I am not HIV positive, but I, like Dr Rob, have witnessed no end of suffering, death, and hatred stemming from this disease. Earlier this year, Dr Rob told me that year-to-date his new HIV diagnosis was 15 times higher than the same time the previous year and was setting records for his practise.

I've known about HIV for most of my adult life. I was 15 the first time someone told me about this mysterious new affliction, then known as GRID. Ironic that a person who'd been molesting me for years would actually provide the news that would indeed save my life.  The onslaught of HIV was horrible and unending.  We knew so little about HIV and as the first cases were coming to light, the indifference we encountered as a community was horrorifying.  Society lined up the victims and pronounced some good (like Ryan White and those who'd contracted the virus from a blood transfussion) and others (gays, drug users, prostitutes) as bad and entirely deserving of their fate.  We were the new jews and even in my own family I heard calls to quarantine people and haul them off to special facilities.

Here we are 30 years later and I've lost over 400 people that I care about.  Most are truckers, but some include roommates, best friends, and yes, people I had huge crushes on. Some months, I'd have multiple calls in the same week where people told me the news of their HIV status, or worse, the death of someone I cared about. 

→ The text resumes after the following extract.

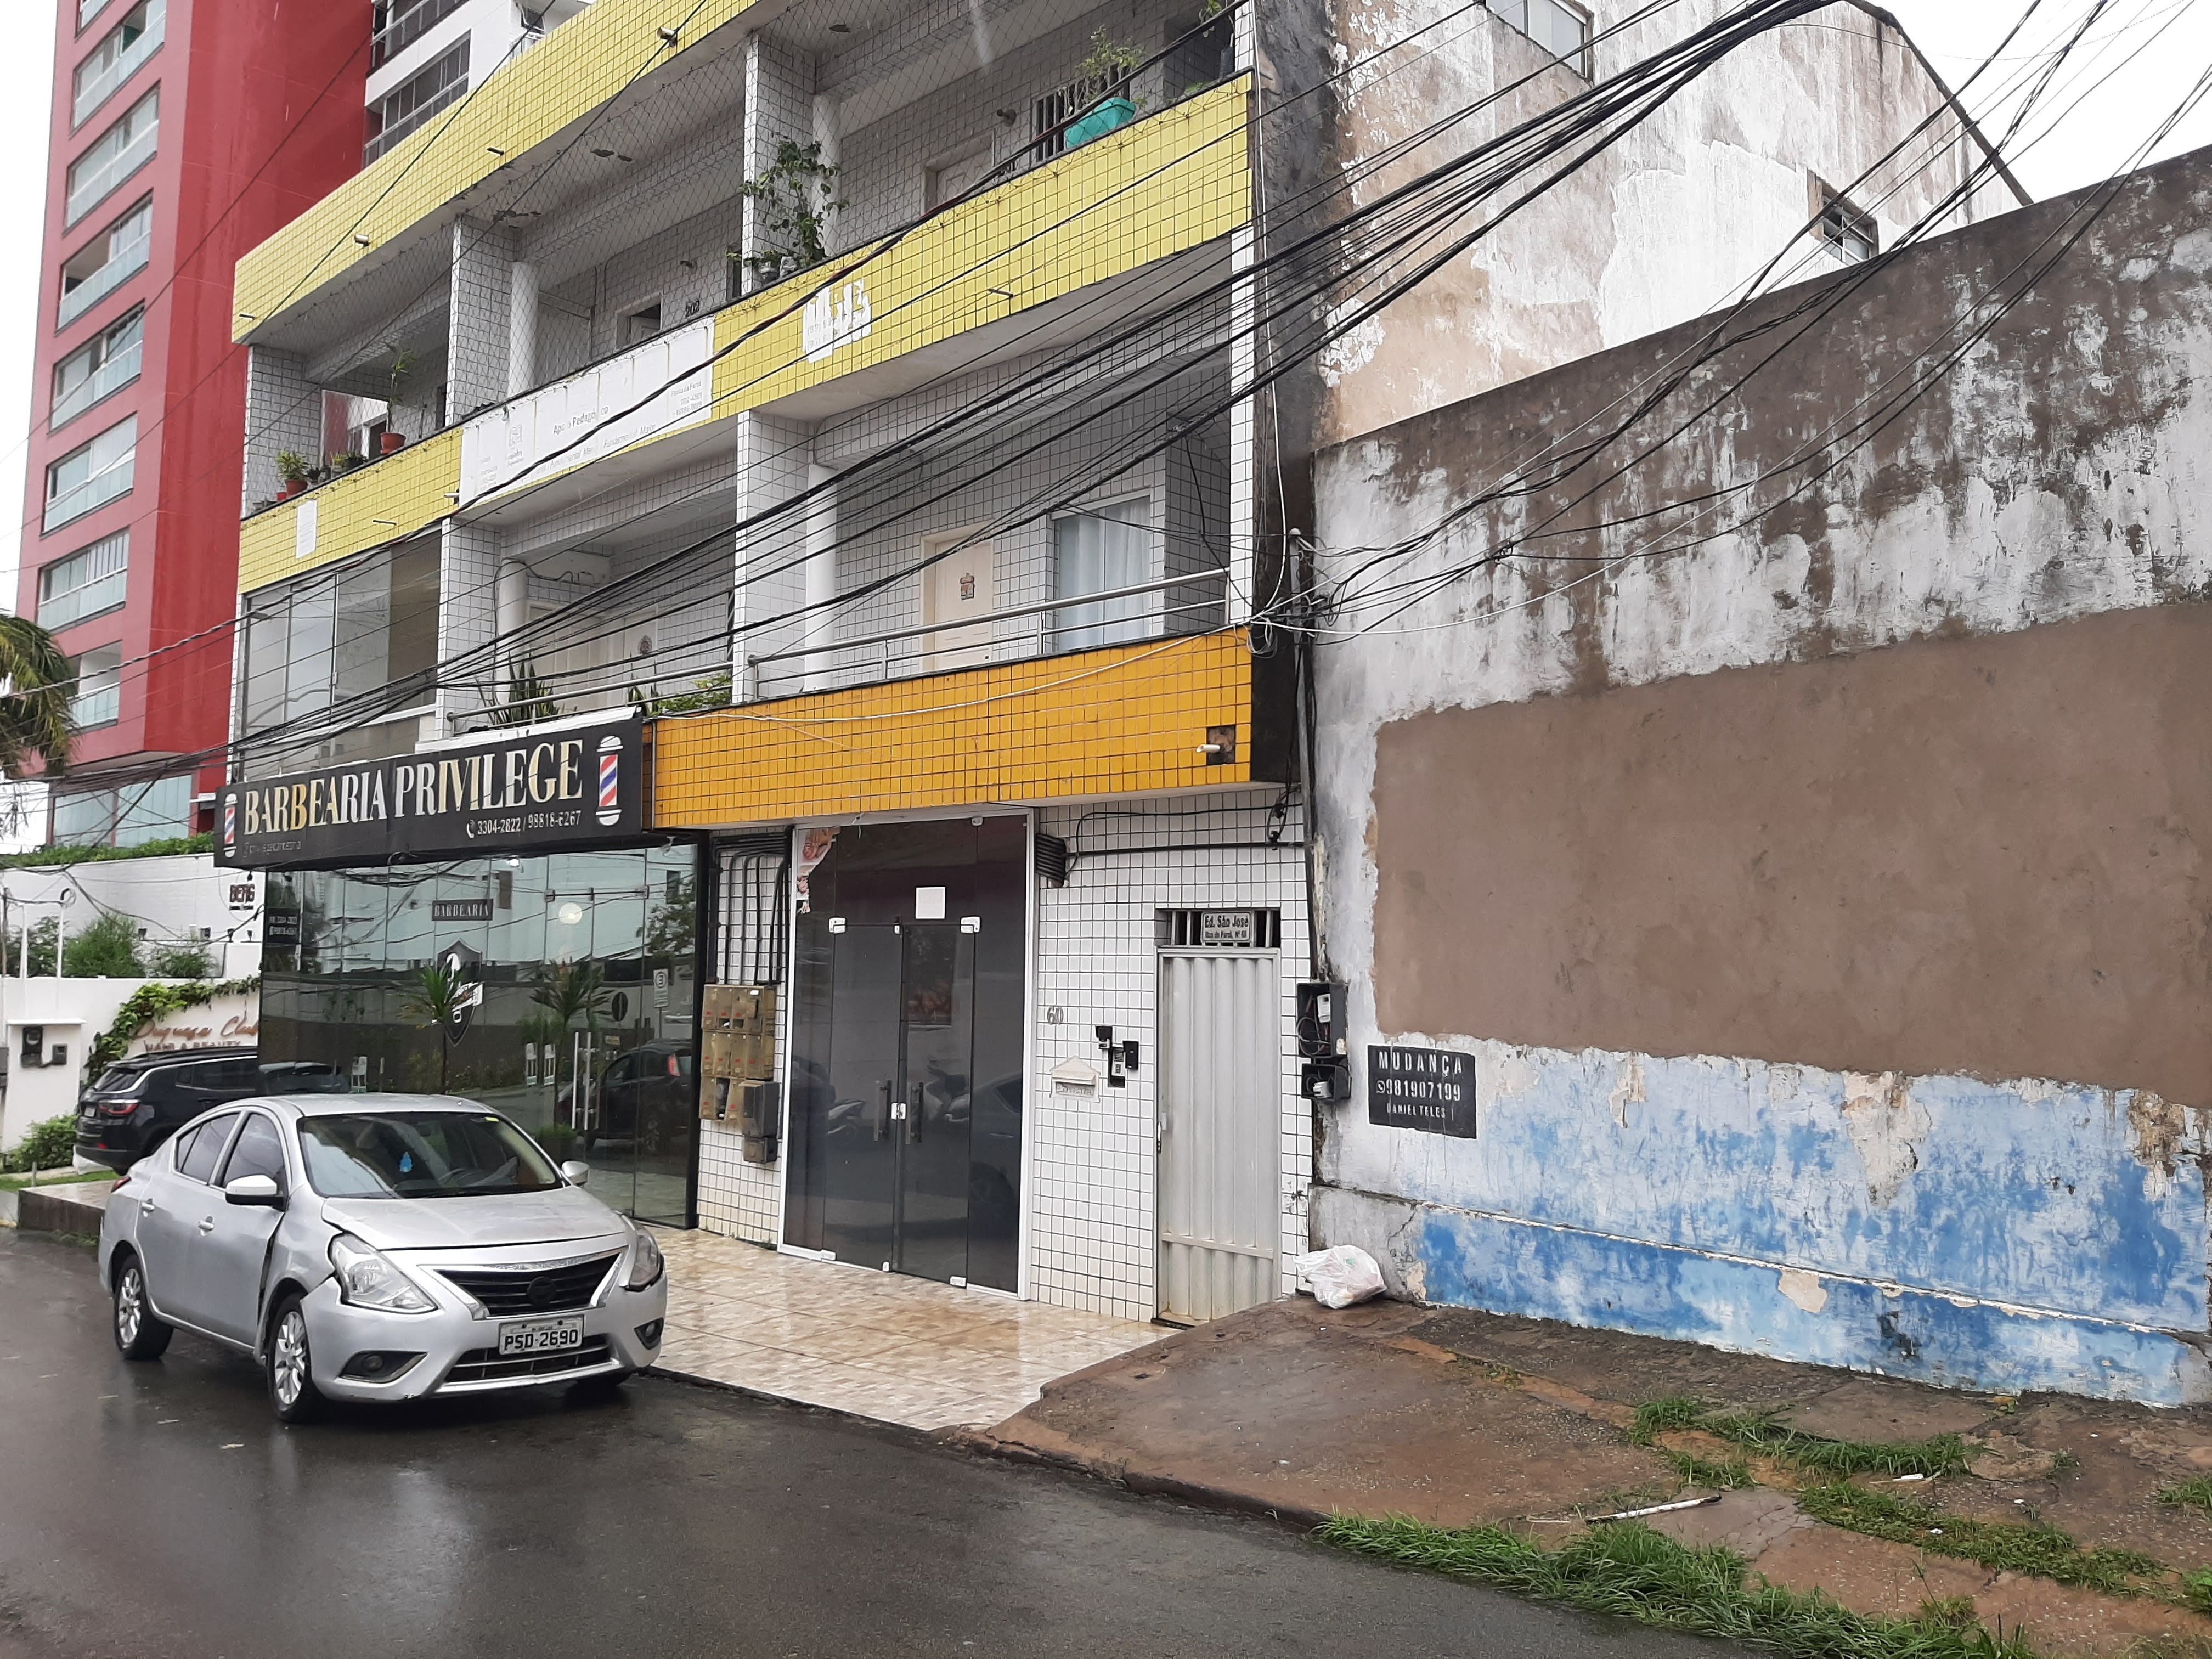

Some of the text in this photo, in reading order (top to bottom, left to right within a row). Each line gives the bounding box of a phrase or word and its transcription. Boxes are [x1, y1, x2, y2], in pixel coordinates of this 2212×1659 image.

For younger folks, you have no idea what living through the 80's and most of the 90's was like.  It is a horror I will carry with me for the rest of my life. It turned me into a word I hate---an activist.  To this day, my home is filled with the images of all the people I've lost because I just can't and won't forget their names.

Still, what you see linked here, beneath this intro, are the first embers of a lasting promise. A bright LED light that finally lends us to hope. Read it and weep.  For joy.